Action item:
Repeat each entry exactly. Drop every image.

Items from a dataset
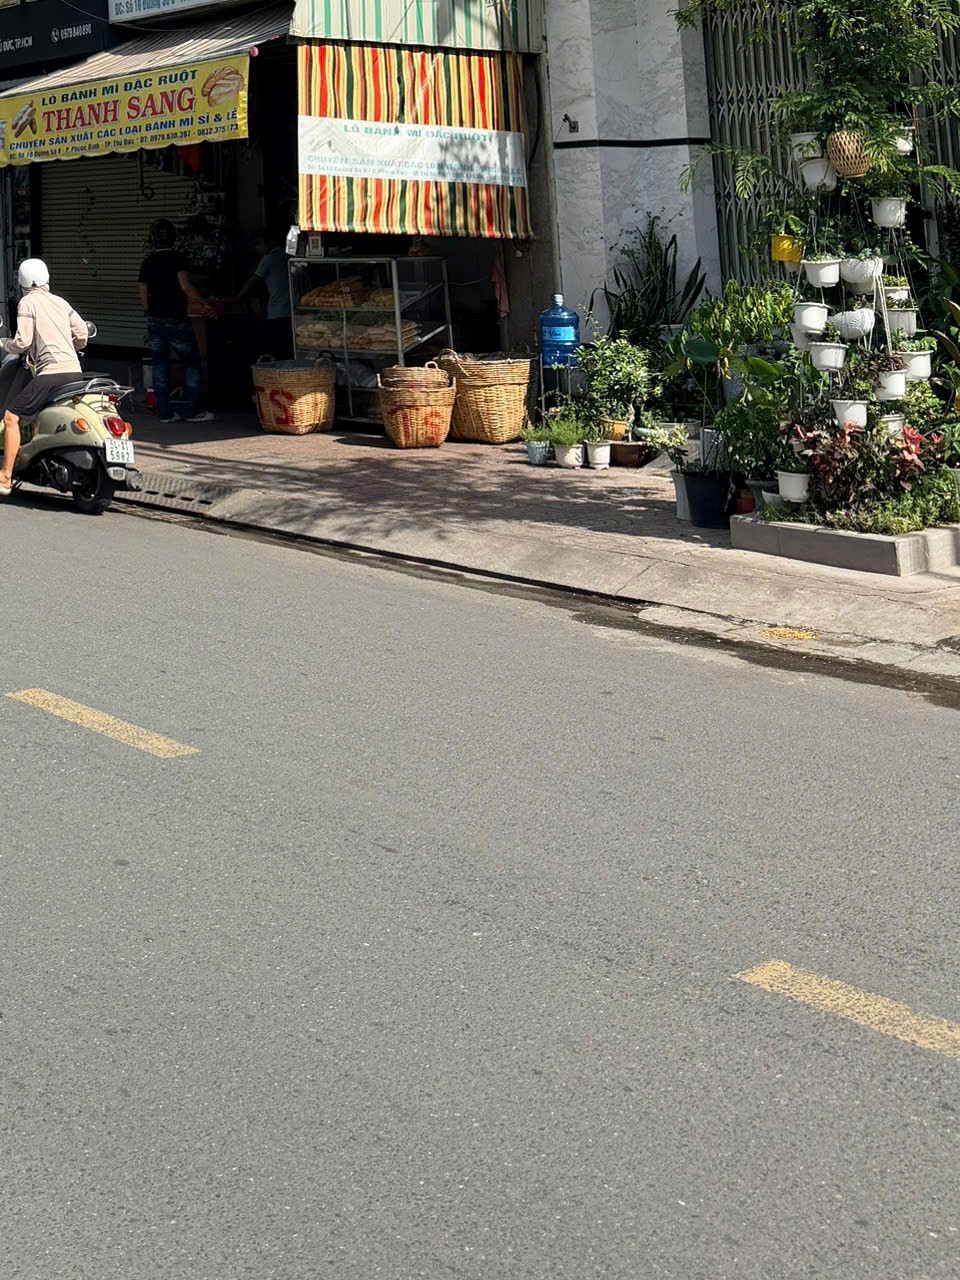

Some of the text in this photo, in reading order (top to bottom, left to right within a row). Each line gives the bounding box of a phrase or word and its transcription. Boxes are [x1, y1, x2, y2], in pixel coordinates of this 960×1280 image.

[61, 87, 97, 104] BÁNH
[158, 70, 199, 88] RUỘT
[43, 86, 196, 133] THANH SANG
[9, 136, 46, 151] CHUYÊN
[213, 113, 223, 123] &

Written solution:
Some of the text in this photo, in reading order (top to bottom, left to right within a row). Each line gives the bounding box of a phrase or word and its transcription. Boxes are [x1, y1, x2, y2], in pixel coordinates of this 960×1280 image.

[61, 87, 97, 104] BÁNH
[158, 70, 199, 88] RUỘT
[43, 86, 196, 133] THANH SANG
[9, 136, 46, 151] CHUYÊN
[213, 113, 223, 123] &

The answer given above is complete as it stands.